The man’s booby trap consisted of a shotgun attached to the door of his shed. If somebody entered the structure, a wire would pull the trigger and fire the gun. Unfortunately, someone did try to break into the shed while the booby trap was rigged, and he was killed. The Downstate man was charged and convicted of first-degree murder and aggravated battery, both forcible felonies.
But why would he be charged with crimes for protecting his home? Shouldn’t his actions be considered defense under the “castle doctrine,” as someone else was breaking into his property? Not necessarily.
What Is the Castle Doctrine?
At its most basic, the “castle doctrine” states that a person can use force against someone who is breaking into or planning on attacking their property.
The use of force in defense of a dwelling law also states that a person can use deadly force if:
- The individual who is trying to enter the home does so in a violent manner, and force is necessary to protect the owner or others inside from harm; or
- The trespasser is likely to commit a felony inside the dwelling, and force is needed to stop them
Looking at the definitions under statute 720 ILCS 5/7-2, it would appear that the Downstate man was justified in setting up his booby trap to stop the other person from breaking into his shed. However, it’s the manner in which he carried out the act that resulted in criminal charges being filed against him.
Putting the Lives of Others at Risk
Let’s say the Downstate man heard someone trying to get into his shed, and that person had intended to commit a felony while there. If the man grabbed his shotgun and fired at the intruder, he could use the dwelling defense if he was charged with and tried for murder.

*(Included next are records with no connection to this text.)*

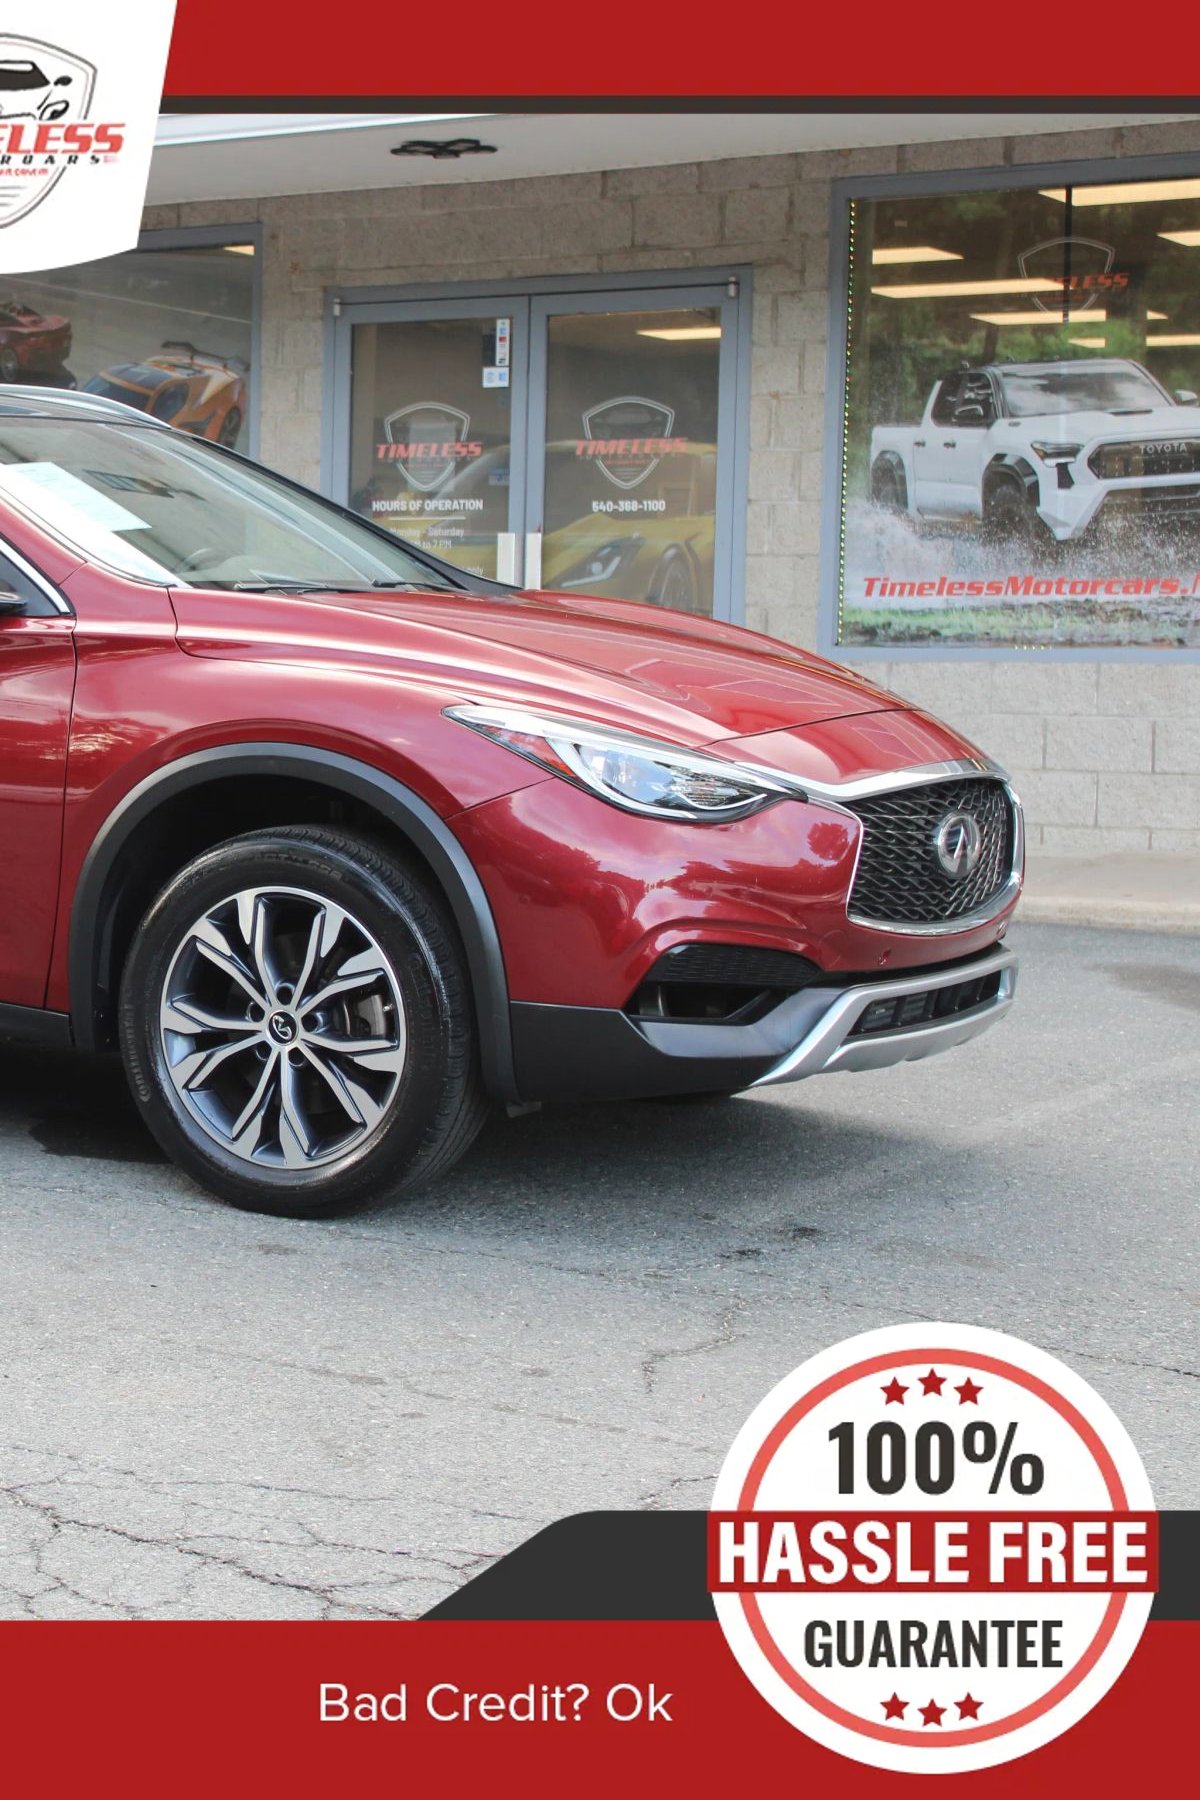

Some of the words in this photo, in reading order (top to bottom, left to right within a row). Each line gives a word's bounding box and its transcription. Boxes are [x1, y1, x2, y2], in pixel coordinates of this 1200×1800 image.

[376, 441, 482, 459] TIMELESS
[576, 437, 688, 456] TIMELESS
[1140, 442, 1188, 454] TOYOTA
[372, 501, 407, 512] HOURS
[409, 501, 422, 511] OF
[424, 499, 484, 511] OPERATION
[592, 500, 666, 512] 540-368-1100
[428, 527, 464, 540] Saturday

So how is that different from setting a booby trap?
Using force on a particular intruder could be considered legal. However, when a person sets up a booby trap, they’re putting the lives of anyone entering the property at risk. For example, say the homeowner’s nephew goes over to help out in the yard. Needing a shovel, he walks into the shed. The booby trap is set up, and the boy is killed.
Because others can enter someone else’s property without criminal intent, the law views setting up a booby trap as going beyond defense and into endangering the lives of others.